WHAT IS BEING ASKED: Leave out all images and set down the records exactly as given.

MATERIAL SHOWN:

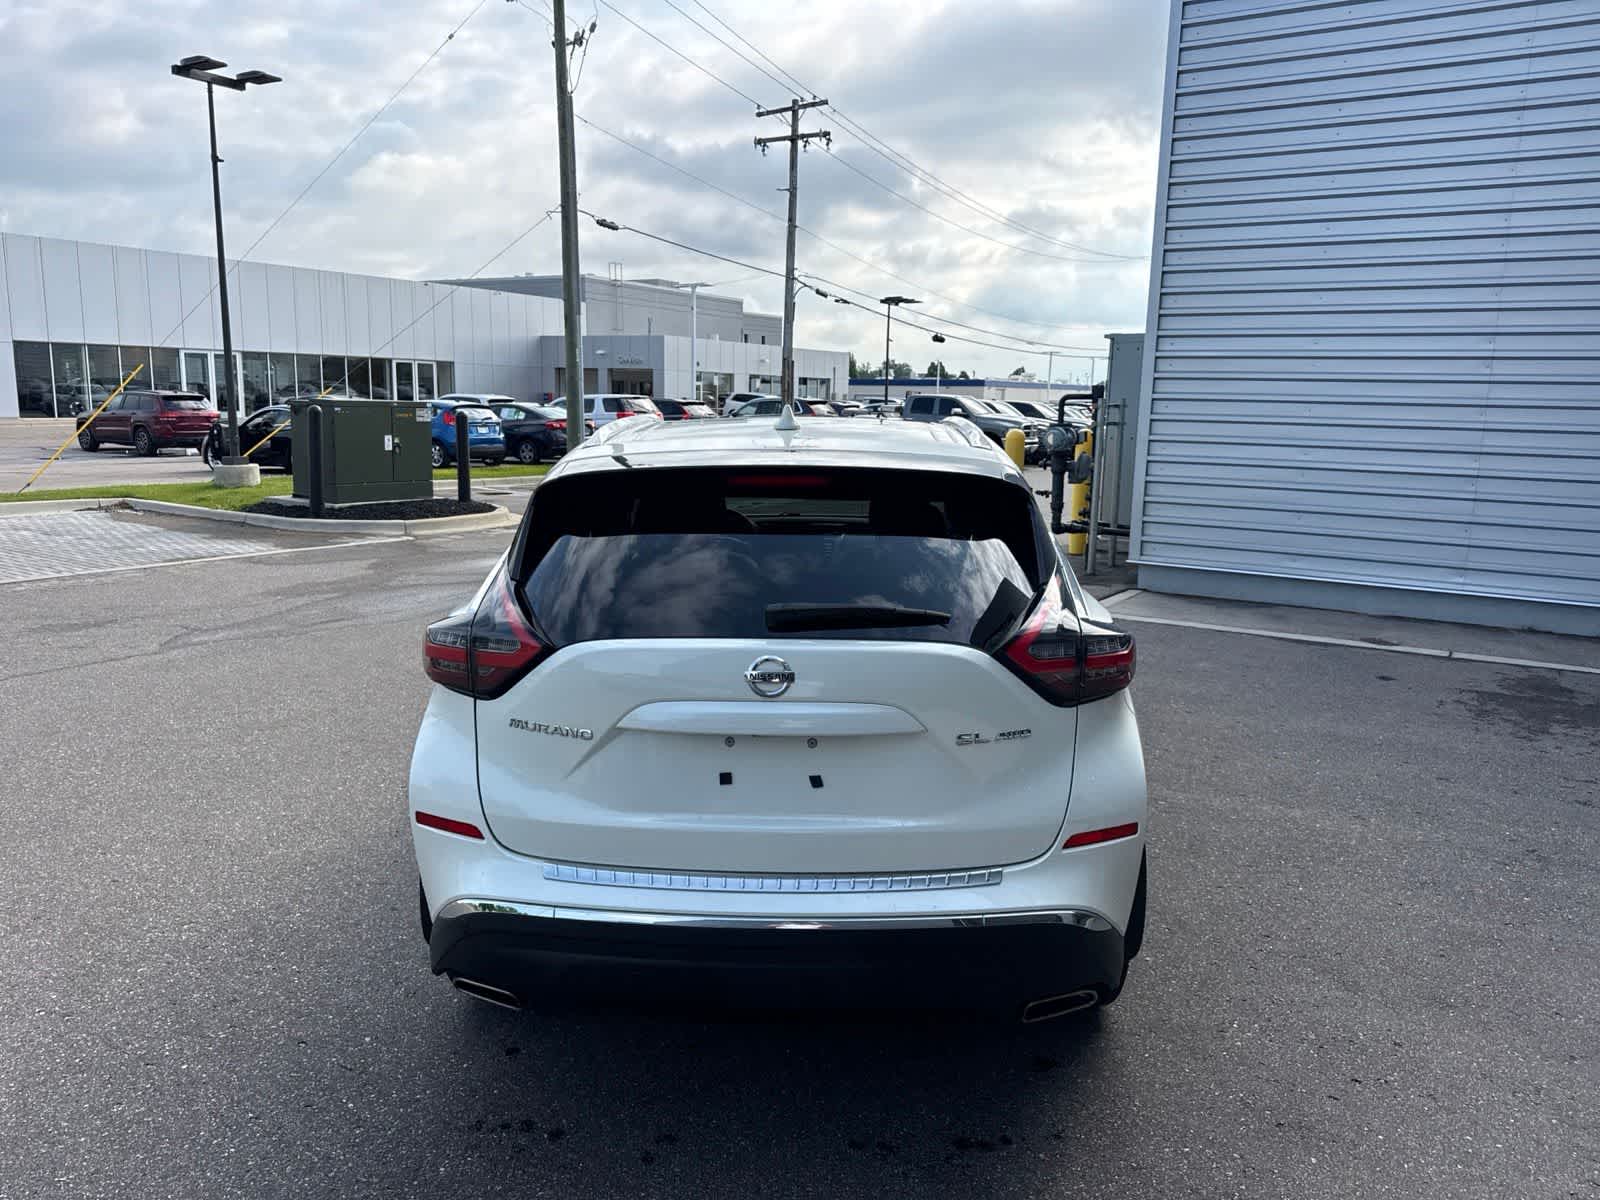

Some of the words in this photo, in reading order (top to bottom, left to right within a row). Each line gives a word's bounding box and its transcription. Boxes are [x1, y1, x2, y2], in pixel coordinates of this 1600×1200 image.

[748, 671, 792, 681] NISSAN
[509, 718, 594, 741] MURANO
[956, 732, 991, 746] SL
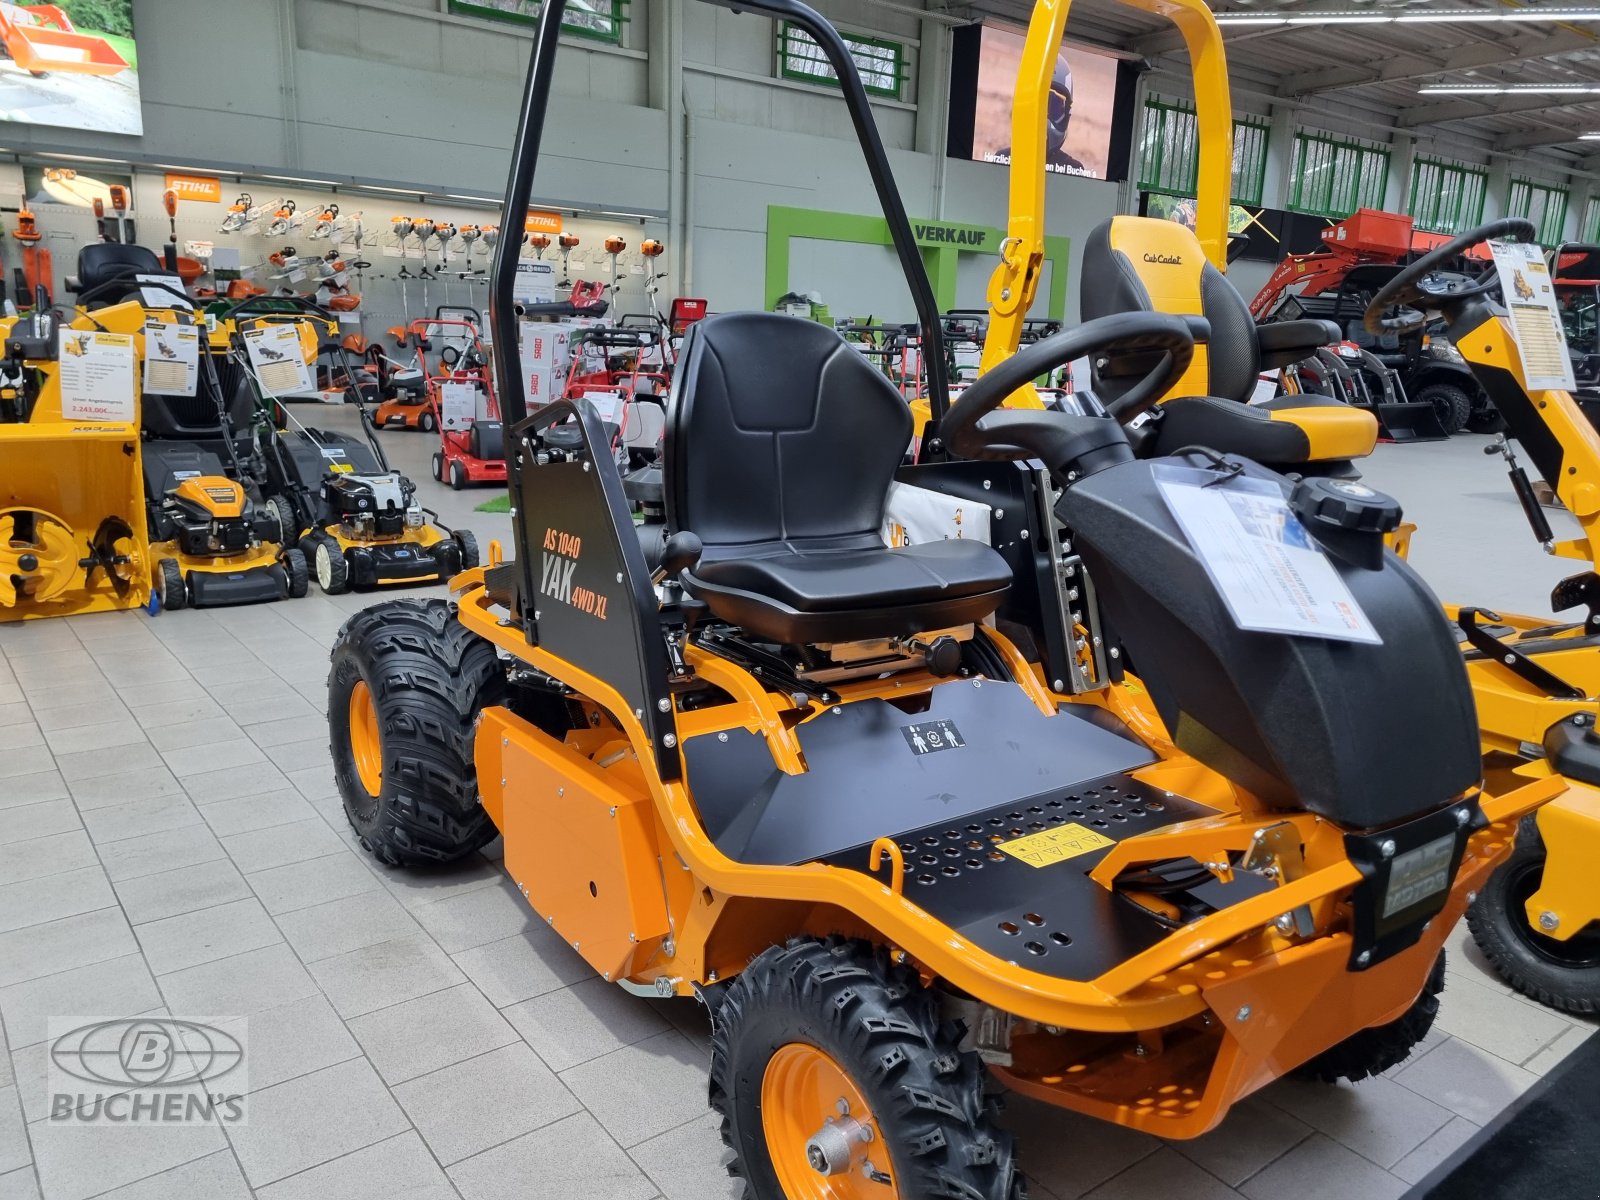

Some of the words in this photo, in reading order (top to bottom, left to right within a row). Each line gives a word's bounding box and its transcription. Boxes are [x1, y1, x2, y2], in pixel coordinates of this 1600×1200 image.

[173, 181, 214, 193] STIHL
[527, 216, 557, 226] STIHL
[915, 225, 986, 245] VERKAUF
[1143, 253, 1157, 263] Cub
[1157, 254, 1181, 265] Cadet
[533, 338, 542, 359] SABO
[543, 528, 557, 551] AS
[558, 531, 581, 559] 1040
[541, 551, 577, 605] YAK
[571, 586, 595, 613] 4WD
[594, 594, 607, 620] XL

RESULT:
Some of the words in this photo, in reading order (top to bottom, left to right within a row). Each line gives a word's bounding box and its transcription. Boxes are [x1, y1, x2, y2], in pixel coordinates of this 1600×1200 image.

[748, 671, 792, 681] NISSAN
[509, 718, 594, 741] MURANO
[956, 732, 991, 746] SL

Some of the words in this photo, in reading order (top to bottom, left to right within a row). Each line gives a word's bounding box and its transcription. Boxes are [x1, y1, x2, y2], in pixel coordinates of this 1600×1200 image.

[173, 181, 214, 193] STIHL
[527, 216, 557, 226] STIHL
[915, 225, 986, 245] VERKAUF
[1143, 253, 1157, 263] Cub
[1157, 254, 1181, 265] Cadet
[533, 338, 542, 359] SABO
[543, 528, 557, 551] AS
[558, 531, 581, 559] 1040
[541, 551, 577, 605] YAK
[571, 586, 595, 613] 4WD
[594, 594, 607, 620] XL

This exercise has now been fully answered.